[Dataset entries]
────────────────────
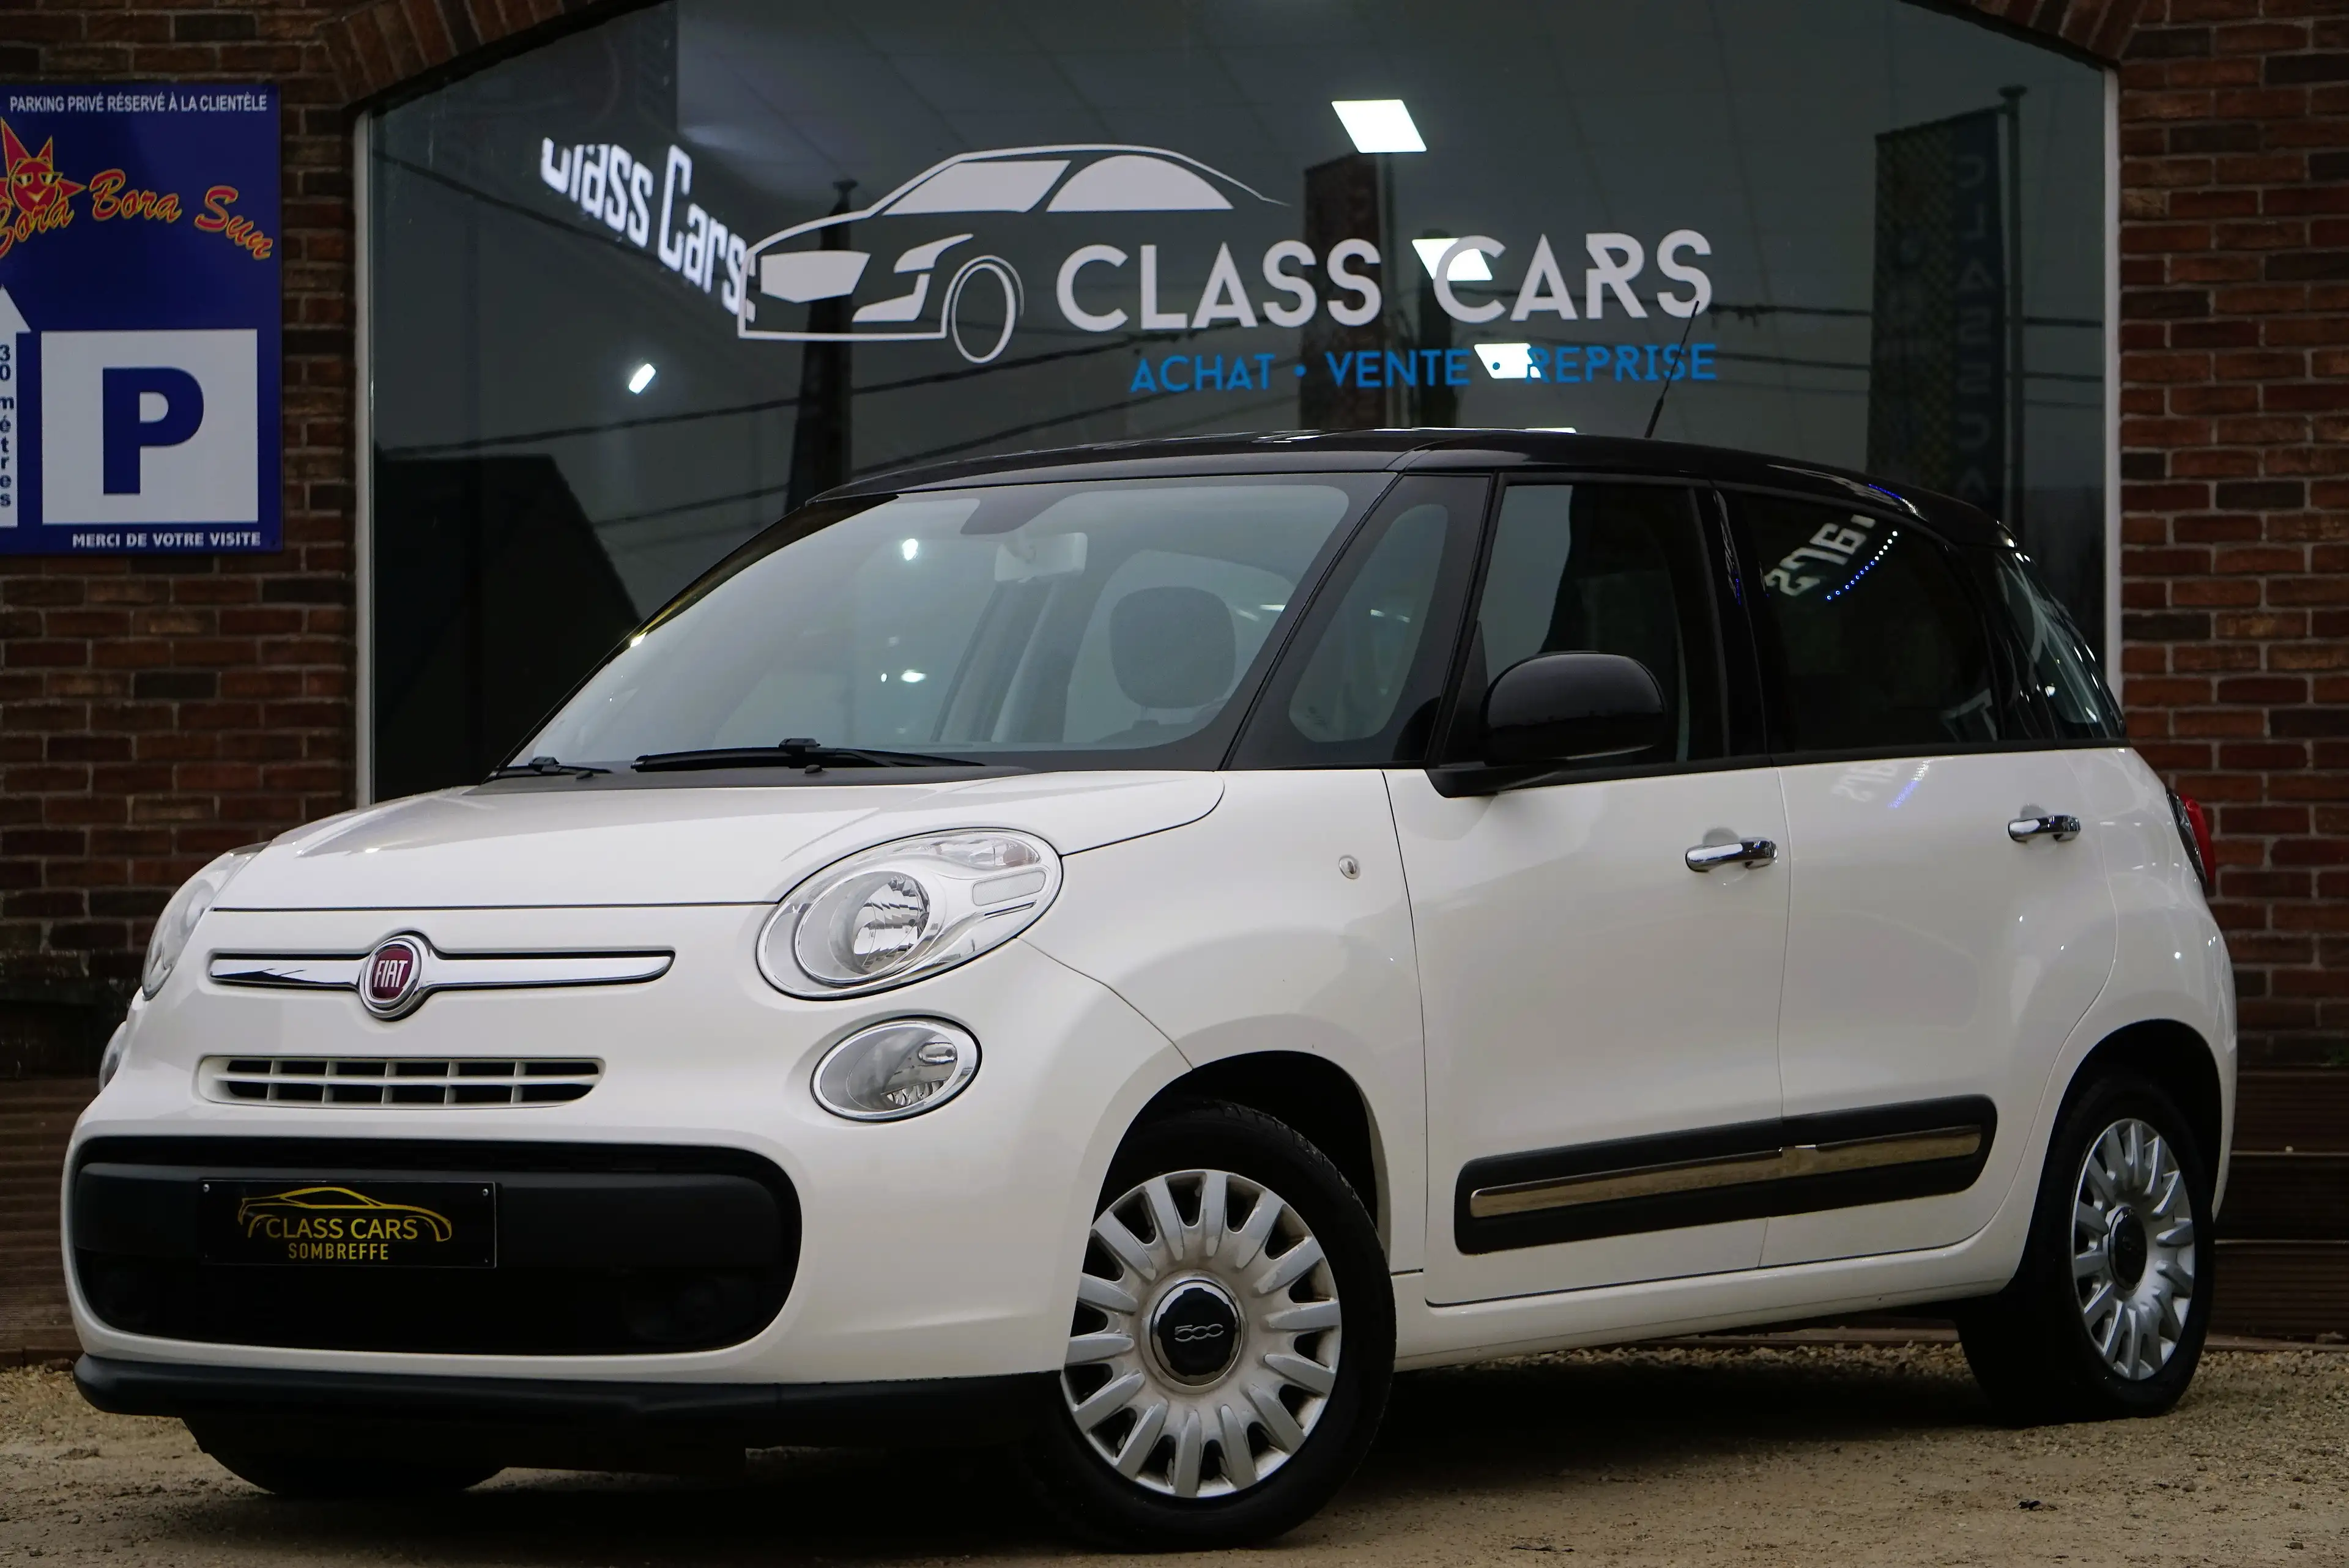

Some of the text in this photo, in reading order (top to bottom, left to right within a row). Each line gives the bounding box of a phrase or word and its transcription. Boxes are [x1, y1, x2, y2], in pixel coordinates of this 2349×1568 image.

[10, 91, 267, 113] PARKING PRIVÉ RÉSERVÉ À LA CLIENTÈLE
[89, 168, 182, 224] Bora
[194, 185, 273, 260] Sun
[658, 144, 756, 323] Cars
[1056, 229, 1713, 332] CLASS CARS
[1129, 343, 1717, 394] ACHAT VENTE REPRISE
[103, 366, 204, 495] P
[72, 531, 261, 548] MERCI DE VOTRE VISITE
[374, 960, 408, 988] FIAT
[265, 1218, 418, 1240] CLASS CARS
[288, 1243, 388, 1260] SOMBREFFE
[1174, 1324, 1223, 1342] 500
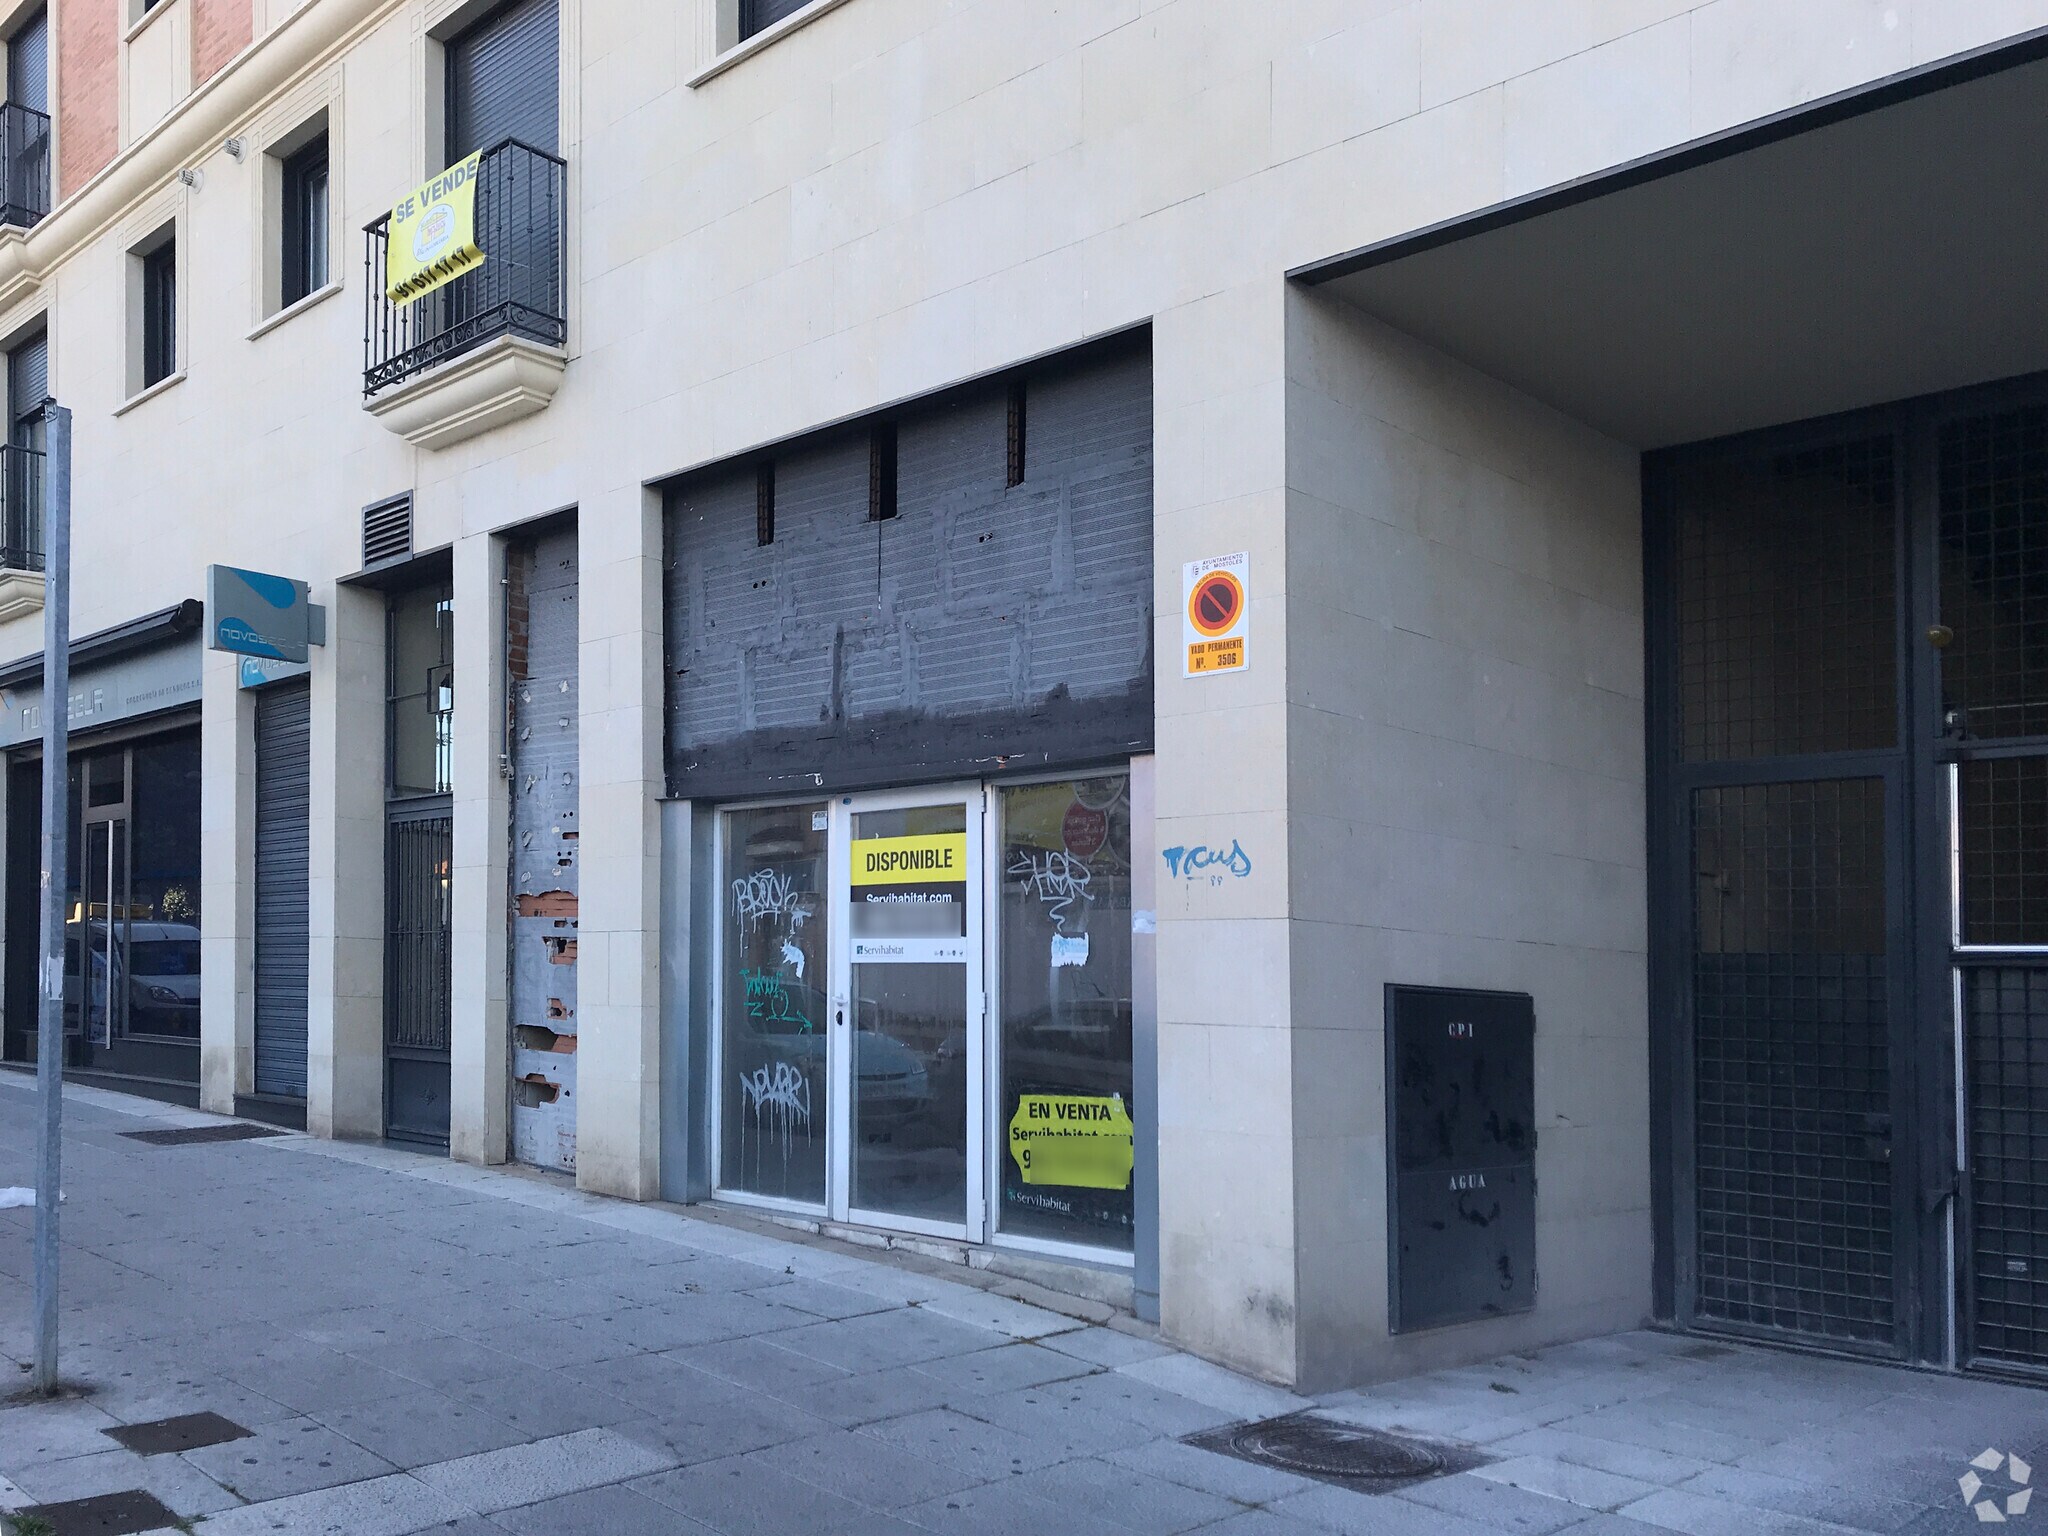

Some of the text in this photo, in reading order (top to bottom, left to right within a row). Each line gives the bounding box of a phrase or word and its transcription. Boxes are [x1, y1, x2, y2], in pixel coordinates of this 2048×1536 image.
────────────────────
#### THE TASK
What is needed is a word-for-word copy of the data, minus its pictures.

#### SOLUTION TO THE EXERCISE
Some of the text in this photo, in reading order (top to bottom, left to right within a row). Each line gives the bounding box of a phrase or word and its transcription. Boxes are [x1, y1, x2, y2], in pixel coordinates of this 2349×1568 image.

[10, 91, 267, 113] PARKING PRIVÉ RÉSERVÉ À LA CLIENTÈLE
[89, 168, 182, 224] Bora
[194, 185, 273, 260] Sun
[658, 144, 756, 323] Cars
[1056, 229, 1713, 332] CLASS CARS
[1129, 343, 1717, 394] ACHAT VENTE REPRISE
[103, 366, 204, 495] P
[72, 531, 261, 548] MERCI DE VOTRE VISITE
[374, 960, 408, 988] FIAT
[265, 1218, 418, 1240] CLASS CARS
[288, 1243, 388, 1260] SOMBREFFE
[1174, 1324, 1223, 1342] 500

Some of the text in this photo, in reading order (top to bottom, left to right within a row). Each line gives the bounding box of a phrase or word and its transcription. Boxes are [x1, y1, x2, y2], in pixel coordinates of this 2048×1536 image.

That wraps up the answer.